**Supplied records**
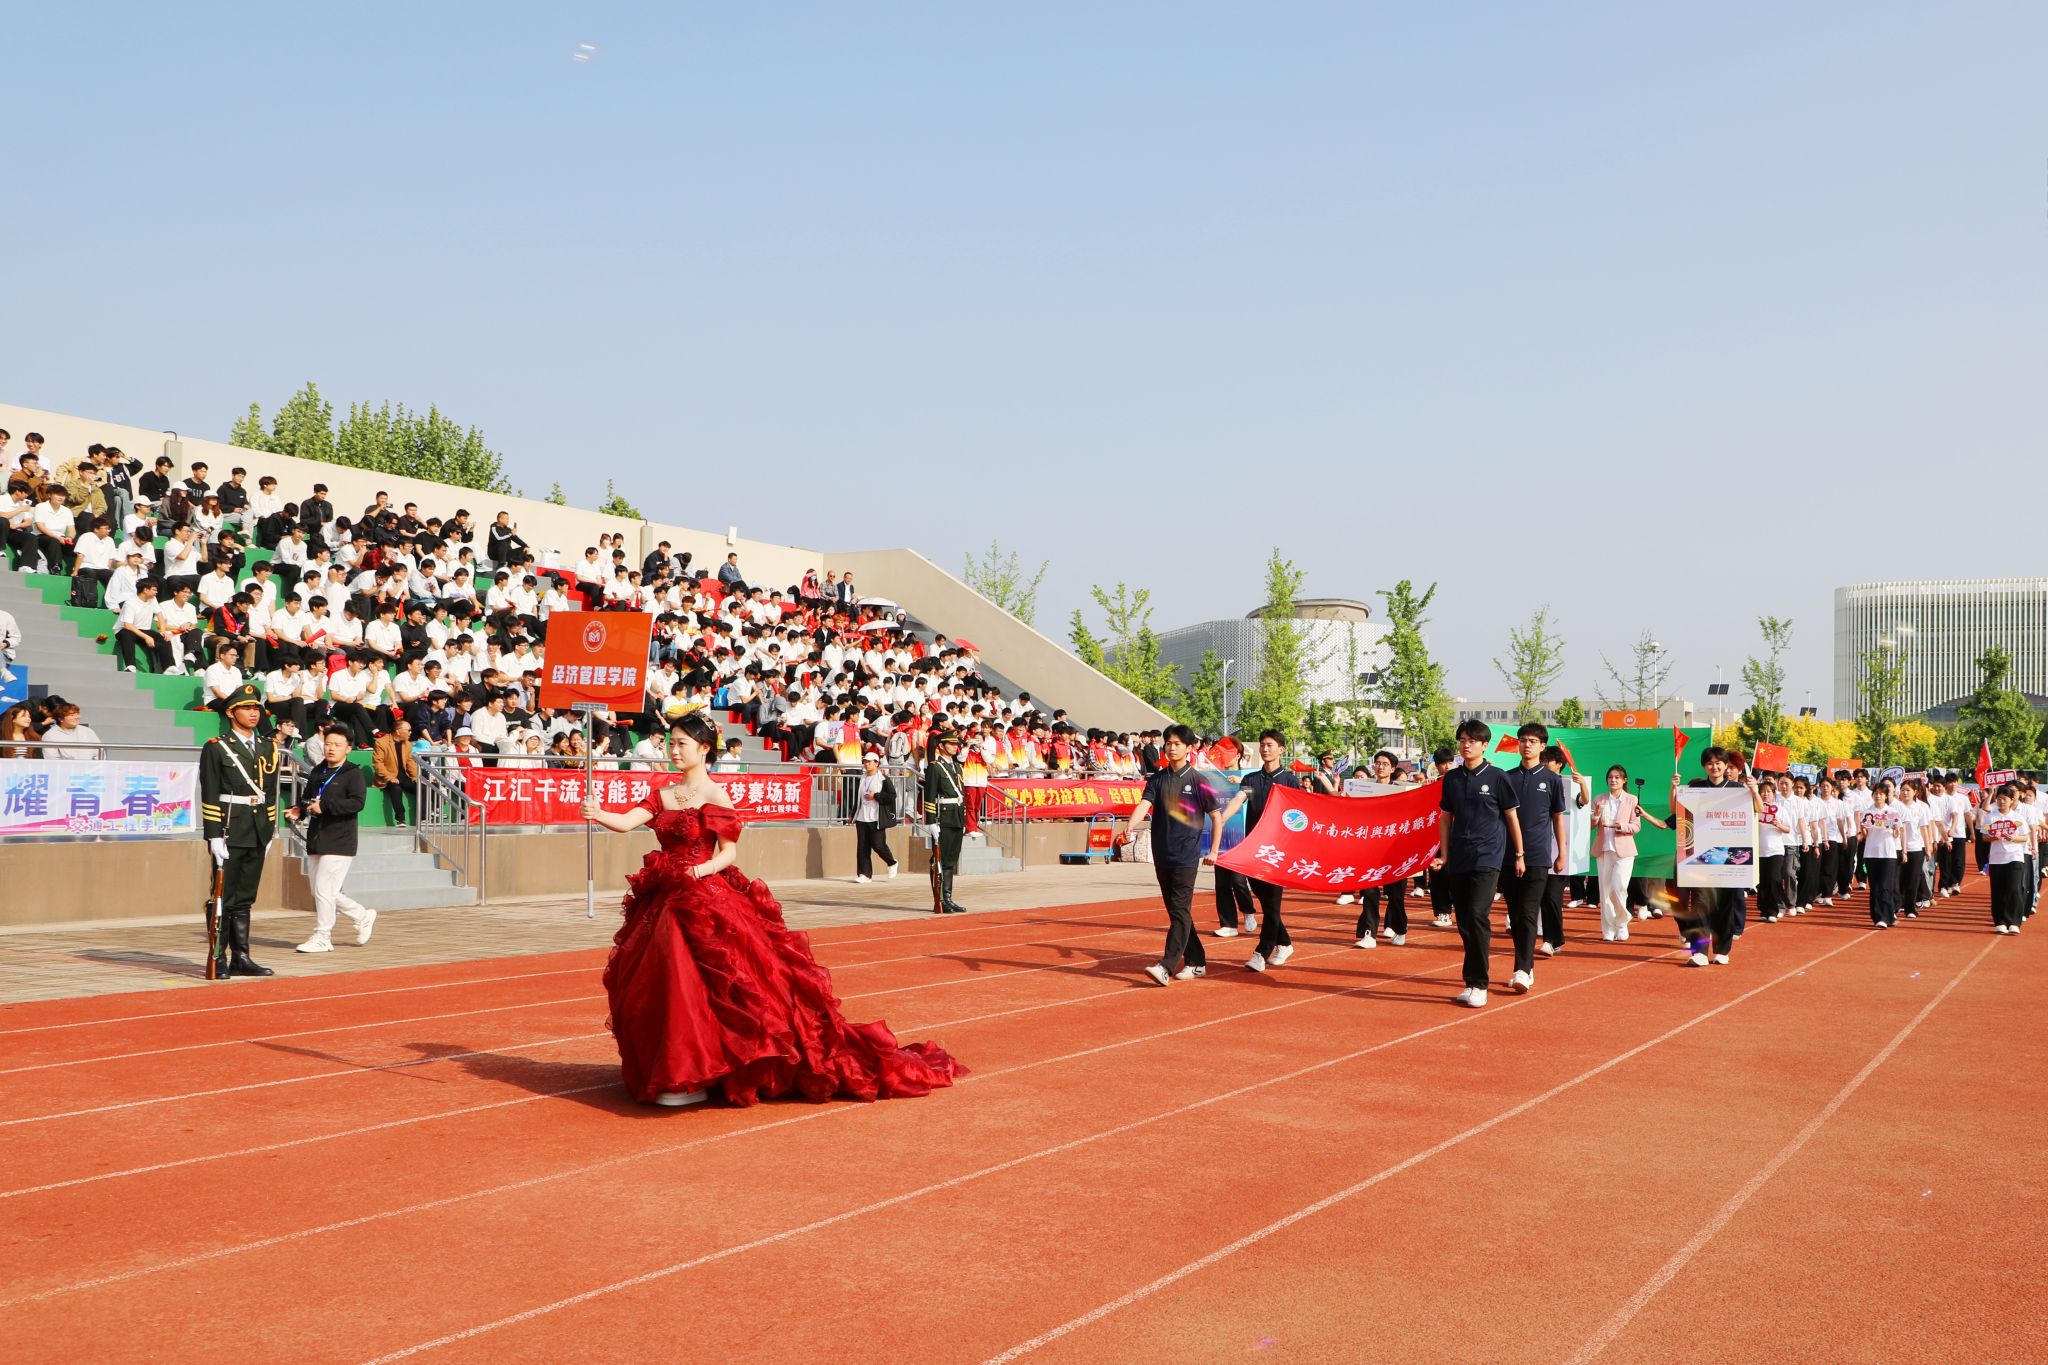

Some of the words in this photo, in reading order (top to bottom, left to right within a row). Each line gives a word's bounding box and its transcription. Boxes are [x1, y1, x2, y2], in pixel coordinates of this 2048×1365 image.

[551, 664, 638, 687] 经济管理学院
[4, 773, 161, 817] 耀青春
[718, 781, 802, 804] 梦赛场新
[1311, 807, 1442, 840] 河南水利與環境職業
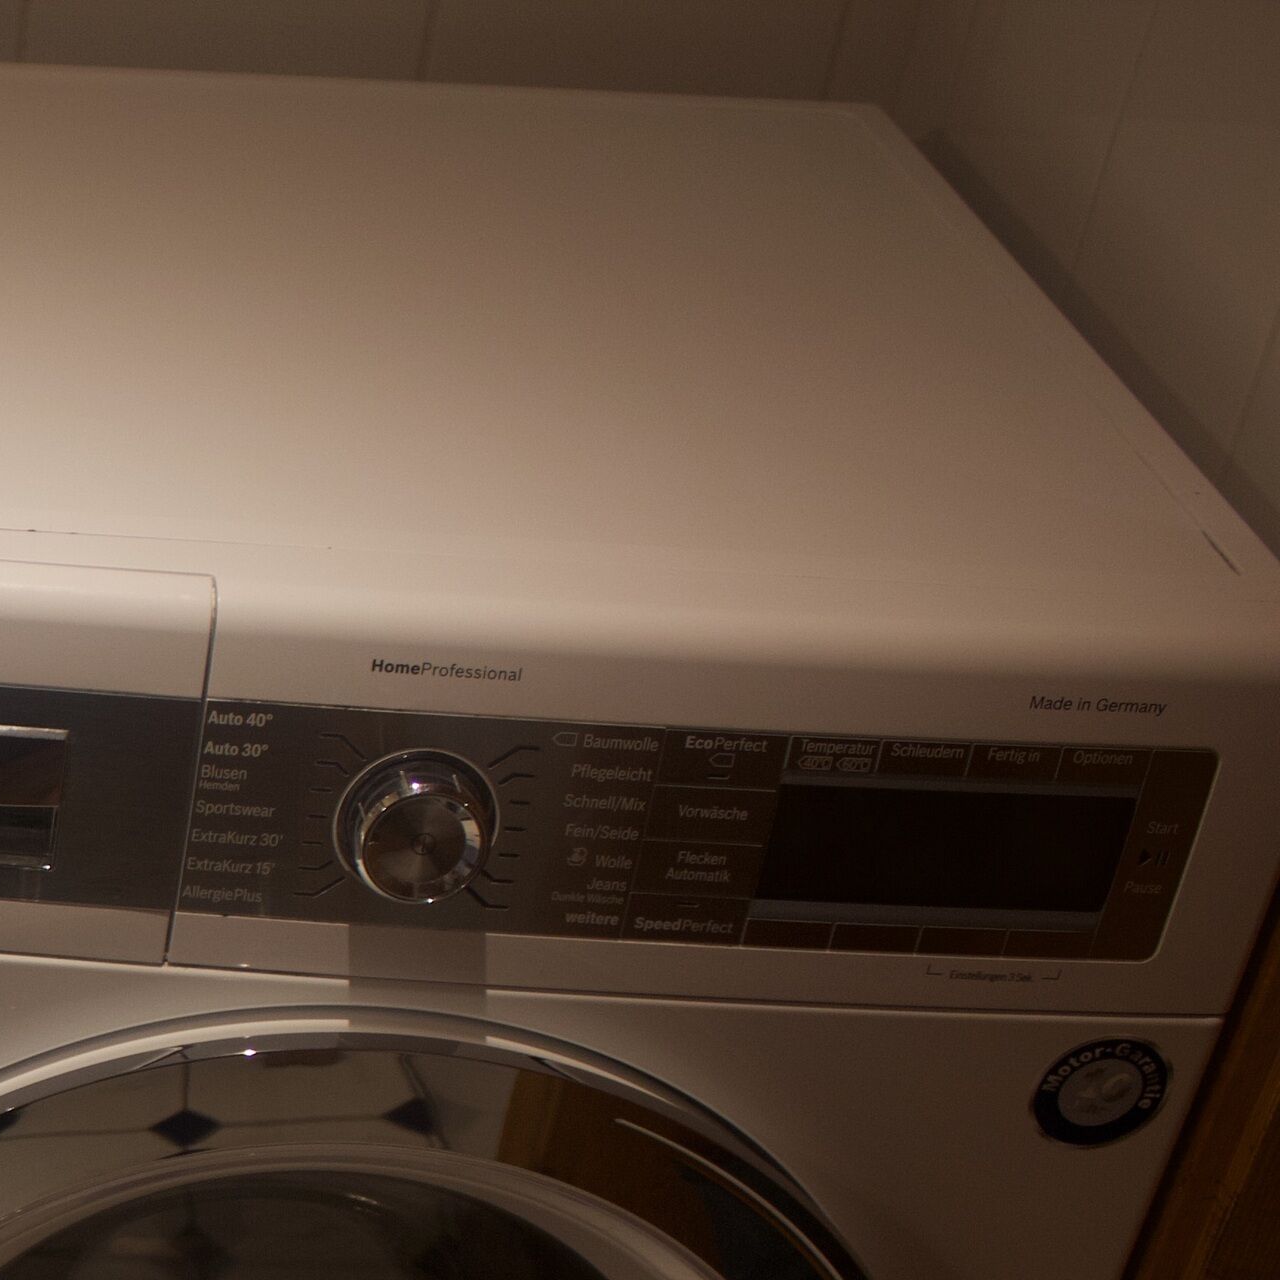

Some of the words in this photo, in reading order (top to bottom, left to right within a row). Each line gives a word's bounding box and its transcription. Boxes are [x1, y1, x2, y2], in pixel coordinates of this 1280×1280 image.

**Activity**
Copy out the entries above in full and exactly, skipping every picture.

**Answer to the problem**
Some of the words in this photo, in reading order (top to bottom, left to right within a row). Each line gives a word's bounding box and its transcription. Boxes are [x1, y1, x2, y2], in pixel coordinates of this 2048×1365 image.

[551, 664, 638, 687] 经济管理学院
[4, 773, 161, 817] 耀青春
[718, 781, 802, 804] 梦赛场新
[1311, 807, 1442, 840] 河南水利與環境職業

Some of the words in this photo, in reading order (top to bottom, left to right within a row). Each line gives a word's bounding box and its transcription. Boxes are [x1, y1, x2, y2], in pixel coordinates of this 1280×1280 image.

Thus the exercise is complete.